Thursday, December 10, 2009

Technology in Nursing! 10th Blog

Being an international student and coming from a developing country, the use of technology in America amazes me. It was overwhelming as well as astonishing for me to see the wide use of technology in the hospitals. I was just amazed to see how technology has become so important in medical field. We go for our clinicals to Overlake, and on the first day of orientation, I was surprised to see the wide range of the use of technology. Right from electronic thermometers, IV pumps to medication administration, technology is used. Even charting is done electronically. Computers are everywhere. The x-ray department and the OR were all so well equipped with the latest technology that my eyes kept travelling all around the unit. More than being stressed about working with patients, I was worried about being able to operate the machines. Working here is a total different experience than what I had in India. It was funny once how I asked my clinical instructor, “Don’t we need to calculate the drops per minute for IV infusion?” She smiled and replied, “No the IV pumps do that, but we need to know how to set the rate and time.” I was thinking to myself, “Wow! In India I had to do all the calculations.”
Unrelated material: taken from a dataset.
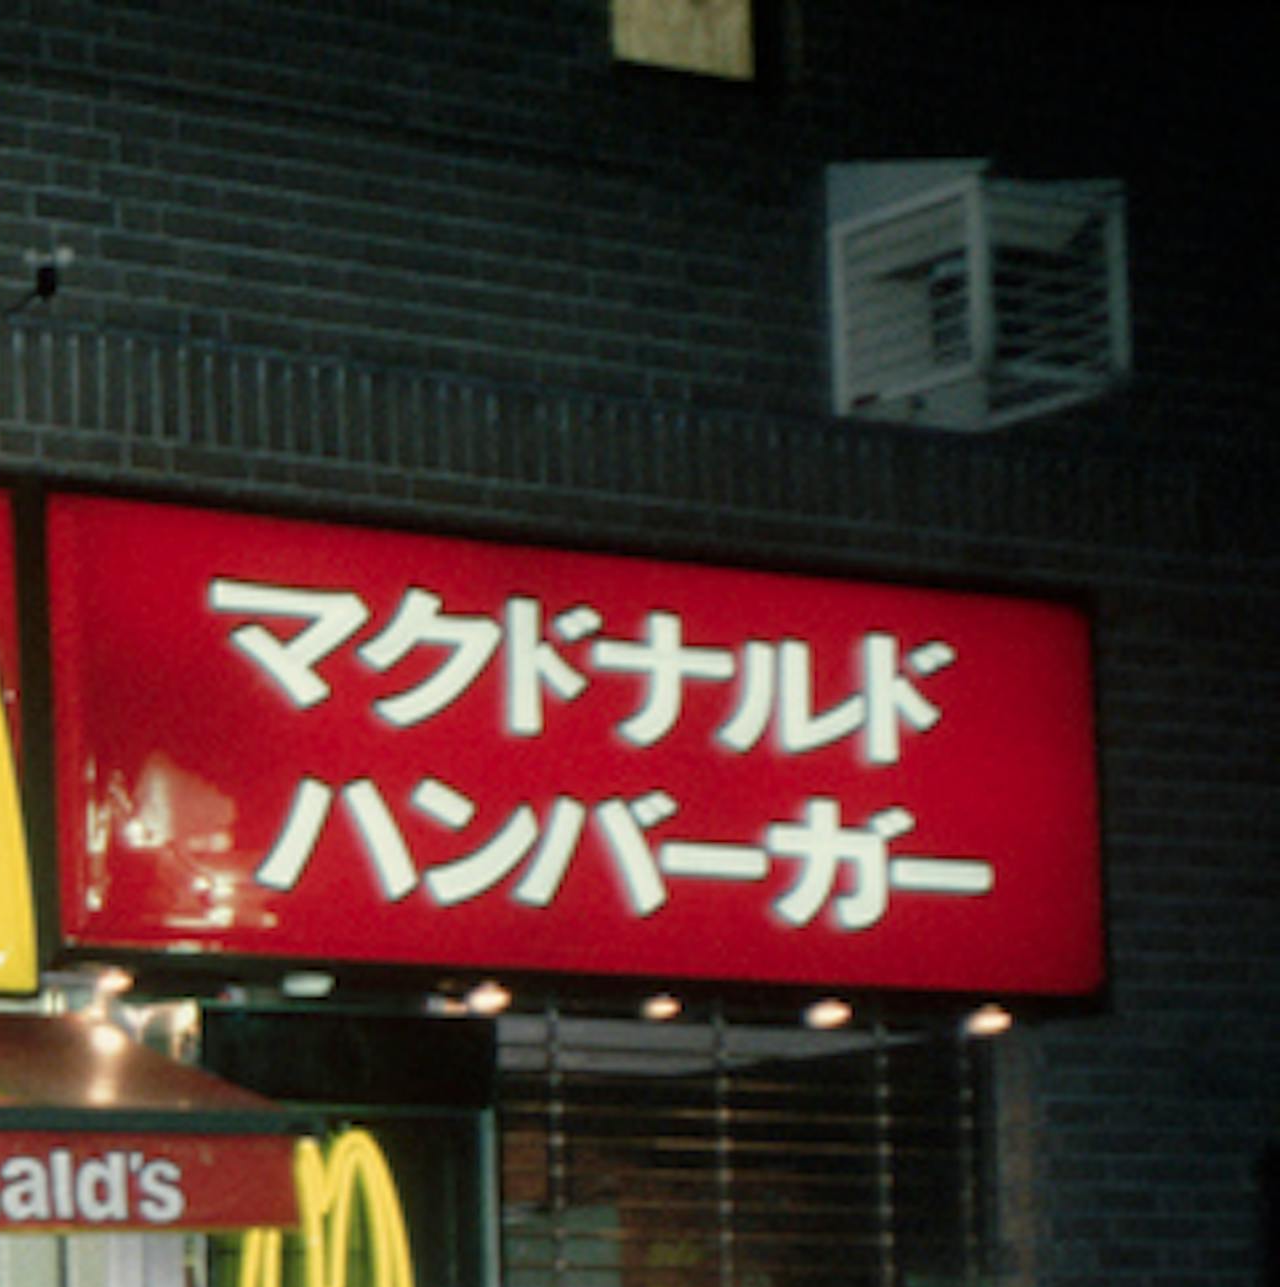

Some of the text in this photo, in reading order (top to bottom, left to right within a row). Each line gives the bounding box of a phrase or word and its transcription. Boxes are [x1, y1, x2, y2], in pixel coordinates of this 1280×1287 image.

Technology has advantages as well as disadvantages. Technology does save a lot of time and energy. Though, I still feel there should be a balance so that nurses don’t entirely depend on technology, but focus on giving their patients quality care. As I mentioned earlier, technology does save time and energy, but it can’t love and care for a patient, nor can it empathize with patients and families. Technology is good to the extent that it helps nurses work more efficiently, but not to the extent that nurses need to depend on technology to care for a patient.

As a nurse, my desire is to care for my patient and fulfill my calling to serve God by serving His people. I hope a day does not come where we nurses will be replaced by a new invention in technology i.e. robots. I cannot imagine robots taking care of patients and am sure patients would not like that either, hopefully not. It’s great to see how the world is progressing in terms of technology, but when it comes to caring for a patient, we should keep in mind that no matter how much we appreciate technology for our convenience, nothing can replace human touch.

Thursday, December 3, 2009

Prioritizing care! 9th Blog

Finally, we are in our last week of clinicals before Christmas break and it is unbelievable how time flew by. I can say that my experience in Overlake thus far has been a wonderful experience. The nurses i worked with were very helpful and taught me how to operate efficiently on the floor. I got to work with patients with different diagnosis, but mainly with patients suffering from respiratory infections.

Today, i had a very interesting day at clinicals. My patient did not speak english and i was excited instead of being nervous. I wanted something challenging and here was that opportunity. I went into my patients room while she was still asleep. I gently woke her to take her vitals, but she seemed agitated. In broken english she said that she did not get enough sleep last night due to pain and nose bleed. Meanwhile, her daughter came to visit her and she translated on behalf of her. I asked her to rate her pain and she said that it was a 9 on a 10 scale. I knew that her bleeding was caused due to her nasal mucosa turning dry becasue of dry oxygen which was being administered via the nasal canula. I knew that the patient needs to be getting oxygen, but at that time she was not receiving any oxygen supplementation. I checked her vitals and her oxygen saturation was 87 %. I checked for signs and symtoms of distress, but patient had no such signs and symtoms. Even then I placed her in a fowlers position. I went and got her a ventilator face mask as suggested by my instructor as that would not irritate her nasal mucosa. The patient was hesitant to put on the face mask, but after explaining that this would not hurt her or cause any bleeding, she finally put on the mask. I checked her saturation after that and it was 94%. Then i took care of her pain by giving her ice pack and tylenol. I kept monitoring her saturation and it was stable. Her pain level reduced to 5 after an hour and half. She was feeling much better and was able to sleep. In class, as we are taught to prioritze according to ABC, that is what i tried and implemented before taking care of her pain.